Sam sat on the glider, salt-rusted chains creaking as she pushed back and forth with one toe on the weathered wood floor. Isabel was braiding her hair, and Sam was savoring the closeness when a scratching sound came from under the table beside them. She nearly jumped. Julie crawled out, glanced at them, then disappeared under the faded tablecloth again.

“I see you,” Sam said.

Julie giggled.

“We get it,” Isabel said to her sister. “You’re so adorable. You’re the most precious. But guess what? Watching people and eavesdropping isn’t nice.”

“I do it, though,” Julie said.

“No fucking kidding.”

“It’s okay, Julie,” Sam said. “Come out and hang with us.”

“I don’t think so,” Isabel said. Sam watched her glare at the rustling tablecloth.

“What’s wrong?” Sam asked. “You okay?”

“I’ll be honest,” Isabel said. “Having you coddle Julie, when I just want to be supportive and understanding of you, makes my stomach hurt.”

“I love you both; is that okay?” Sam asked.

“Thinking about the time,” Julie said, her voice muffled by the tablecloth.

“What time?” Sam asked.

“Before the dying, before your mother went to heaven.”

“Julie!” Isabel said.

“Yeah. I think about it too,” Sam said.

Julie poked her head out. She actually met Sam’s gaze and nodded.

Eye contact was really rare. Julie’s face, always pale, was scrunched up with worry and looked translucent, almost bluish. She was obviously really upset, giving Sam a serious needle in her heart. Julie’s so-called friends bullied her. They weren’t patient, and they teased her.

Once when Sam and Isabel were at the beach with Julie, they overheard Cammie Alquist bullying her.

You don’t look different, but you ARE different, hahaha, Cammie had said, and Isabel had grabbed Cammie by the back of her neck and said, Different is better than shitty like you. Seeing Isabel defend Julie had made Sam wish she had a sister—someone who had her back, while Sam had hers, just like her mother and Aunt Kate.

“Bad dream,” Julie said.

“You had one?” Sam asked.

“She has nightmares,” Isabel said. “Let’s get out of here.”
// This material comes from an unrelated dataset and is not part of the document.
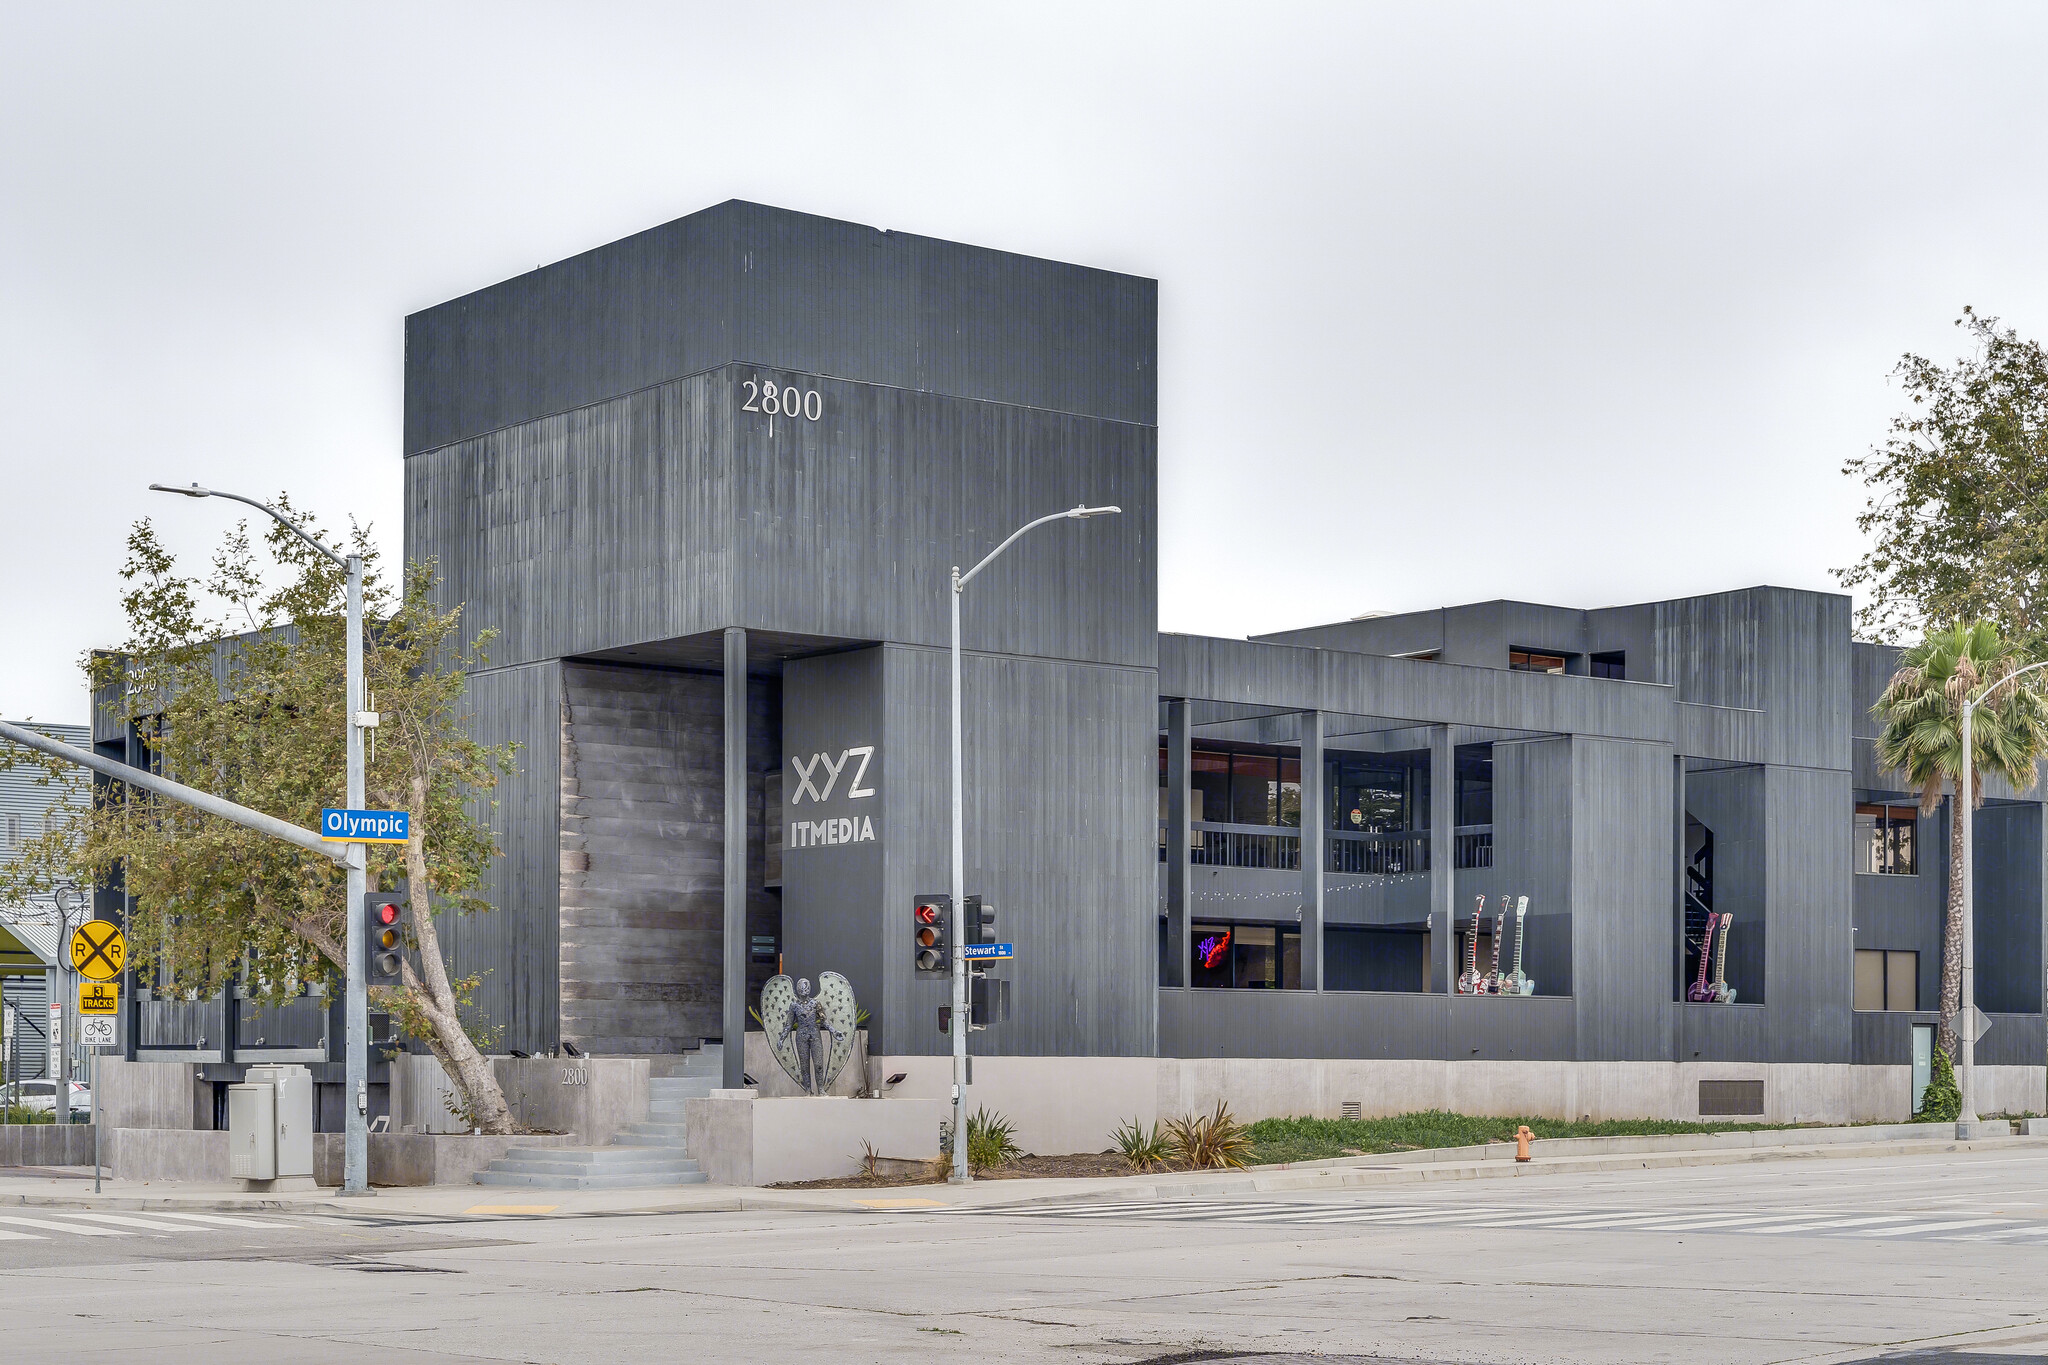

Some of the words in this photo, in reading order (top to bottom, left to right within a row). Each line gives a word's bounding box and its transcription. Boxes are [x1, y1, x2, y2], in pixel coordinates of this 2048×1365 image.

Sam wanted to stay and hear more of what Julie was talking about, but she could tell that Isabel had lost her patience and seemed ready to explode.

“Foley’s?” Sam asked.

“Yeah.”

They took the long way around, the road that looped along the marsh. They were beach girls and walked barefoot, the tar warm and soft beneath their feet.

“What’s bothering Julie?” Sam asked.

“I can’t tell, exactly. She’s very upset about your mother, obviously,” Isabel said, glancing at Sam. “But I think it has more to do with your father.”

“What did he do?”

“Well, he came over to pick up my dad the day they left, and we all talked to him. Julie hears everything, and she knows he’s a suspect.” Again Isabel looked at Sam. “Sorry.”